SULLIVAN: Oh, goodness.

CRAWFORD: But I think what's important to understand with this is there's a lot of kids that are going through this, and there's a lot of families that go through this. What they face every day is unimaginable. And I think, you know, you always need to have hope on these things. In the music, you need the theme of death to celebrate life. And what you see at St. Jude, people are daily celebrating life while they're fighting off death.

SULLIVAN: Hmm. Has it brought you guys as a band closer together?

CRAWFORD: Incredibly. Incredibly close together. My wife and I couldn't have faced this without these guys.

(SOUNDBITE OF MUSIC)

BROTHERS: (Singing) One comes of it, love is love. And let go of it love comes from and we're not of this world for long. Faith and promise keep me honest when starvation falls upon us. Daylight told me he would be...

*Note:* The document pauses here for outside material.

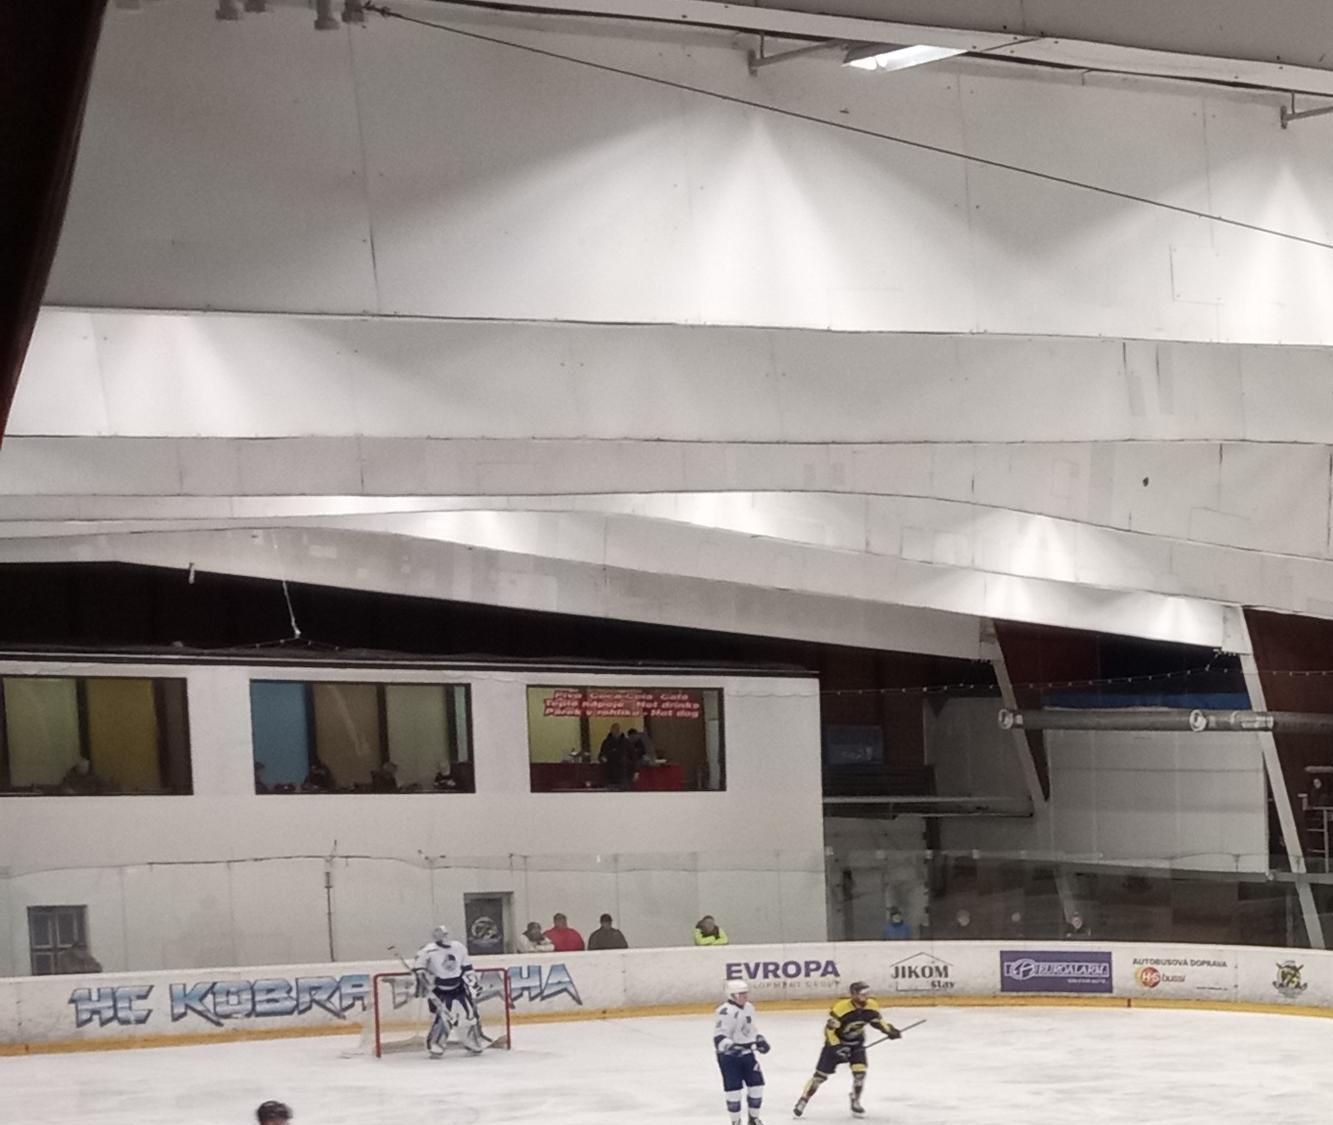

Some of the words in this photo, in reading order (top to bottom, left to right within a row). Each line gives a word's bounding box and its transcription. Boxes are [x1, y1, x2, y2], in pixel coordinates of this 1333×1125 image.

[726, 960, 840, 980] EVROPA
[891, 965, 949, 979] JIKOM
[169, 974, 372, 1027] KOBRA
[381, 964, 583, 1010] PAHA

SULLIVAN: Seth, do you guys realize how often the theme of death appears on this album? You know, I'm wondering if maybe it's been something you guys have been thinking about because of what Bob Crawford, your bassist, has been going through.

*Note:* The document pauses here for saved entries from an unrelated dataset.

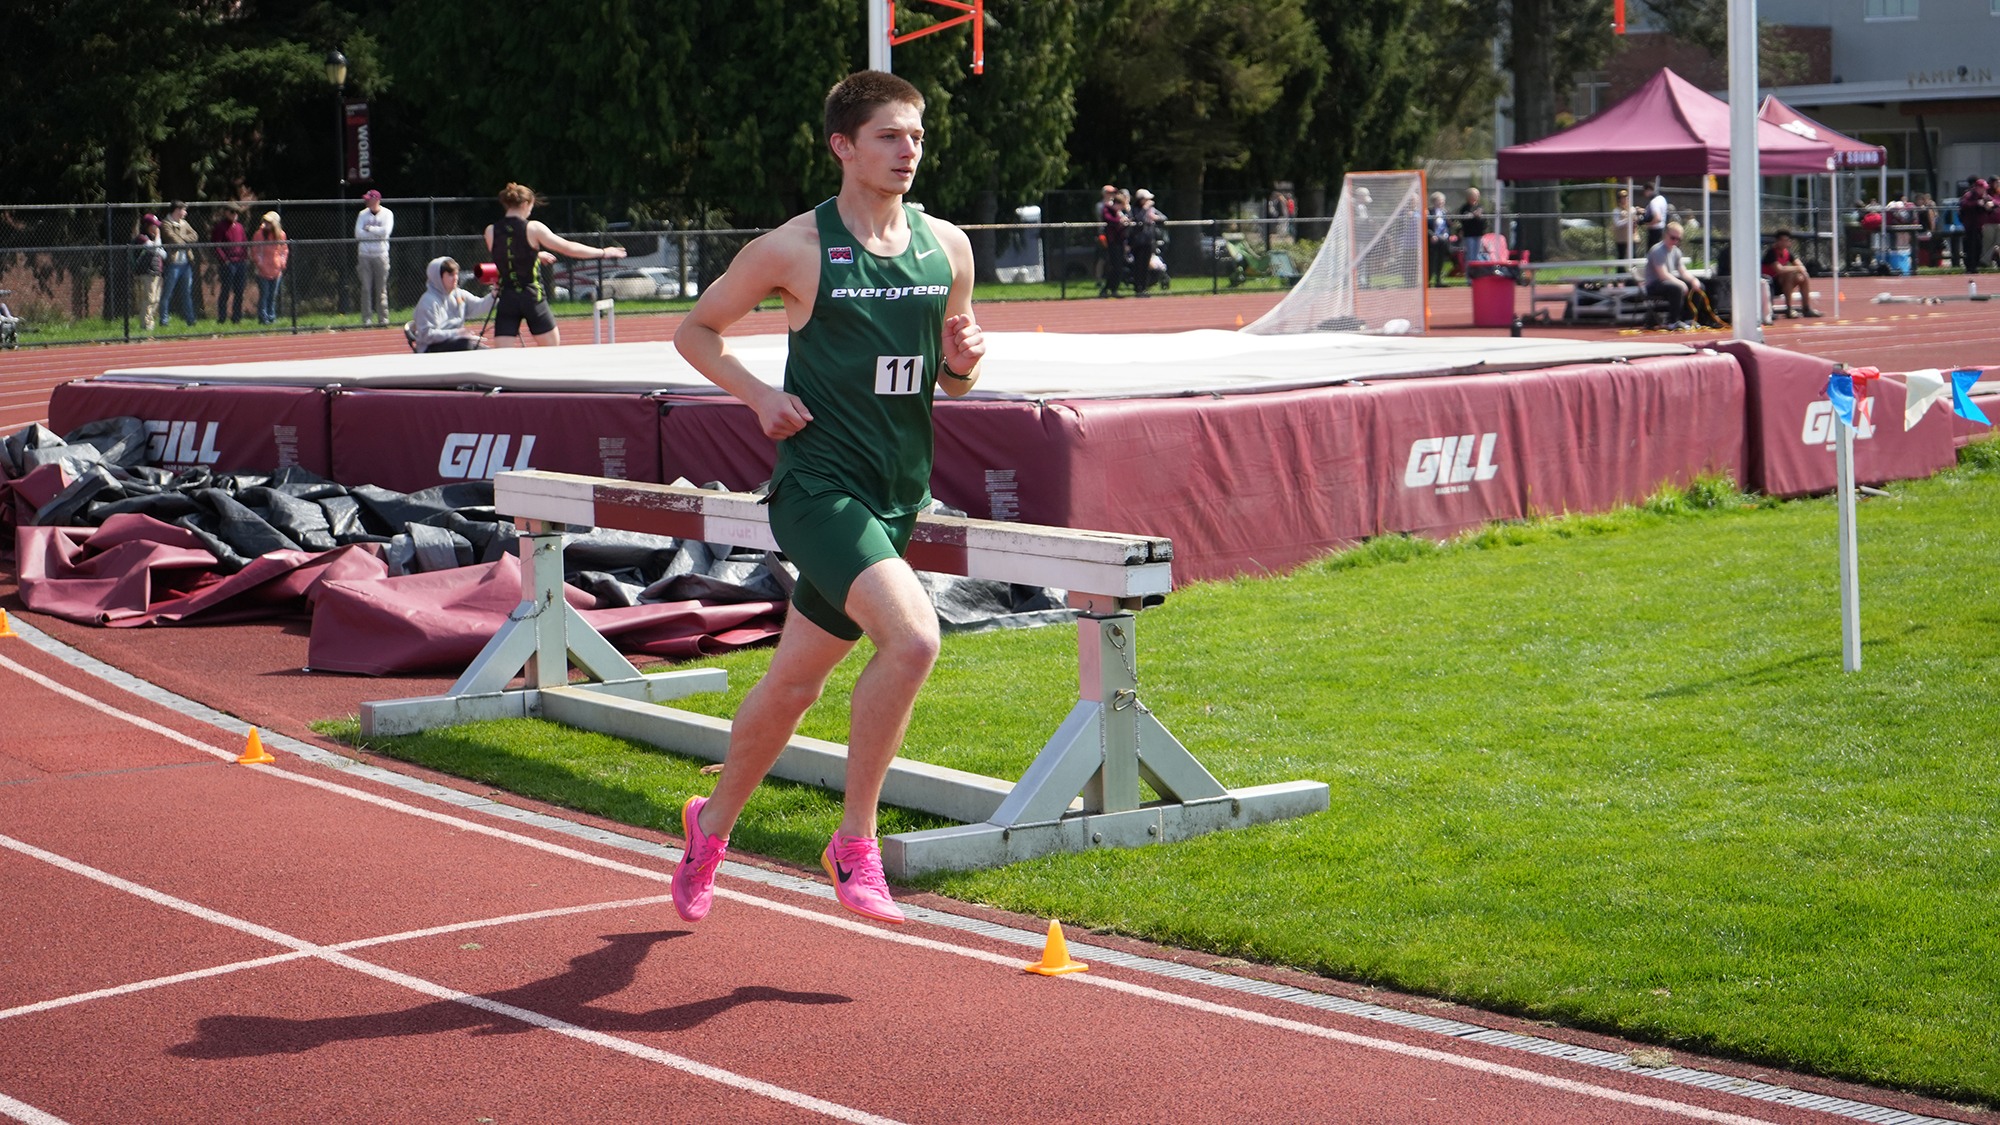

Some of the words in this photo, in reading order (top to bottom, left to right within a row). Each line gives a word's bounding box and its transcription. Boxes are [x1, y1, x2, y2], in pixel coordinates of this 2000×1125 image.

[358, 125, 370, 178] WORLD
[1847, 151, 1879, 164] SOUND
[831, 285, 949, 300] evergreen
[886, 358, 915, 392] 11
[143, 420, 222, 464] GILL
[438, 433, 537, 479] GILL
[1404, 432, 1499, 488] GILL

SETH AVETT: Oh, that certainly advanced it quite a bit. That certainly brought priorities into focus, sort of violently. You know, the record basically was finished - all the tracking was finished by the time that life-altering event came down. But it's not the only tragedy that we're familiar with.

You know, the older you get, you just - there's - it's kind of a depressing thought, but in some ways, you know, you're just biding your time in between tragedies. You know, anytime something's not going completely off the rails, you should be really thankful for it, I think.

SULLIVAN: My guests are Scott and Seth Avett and their bassist, Bob Crawford from The Avett Brothers. And their new album is called "The Carpenter." Scott, you guys have been recording for years, and you've earned legions of new fans with your last record, "I and Love and You." All of a sudden, there you were in the Top 20 in the Billboard charts. When something like that happens, do you try to analyze what you did differently in that album? I mean, do you try to repeat it?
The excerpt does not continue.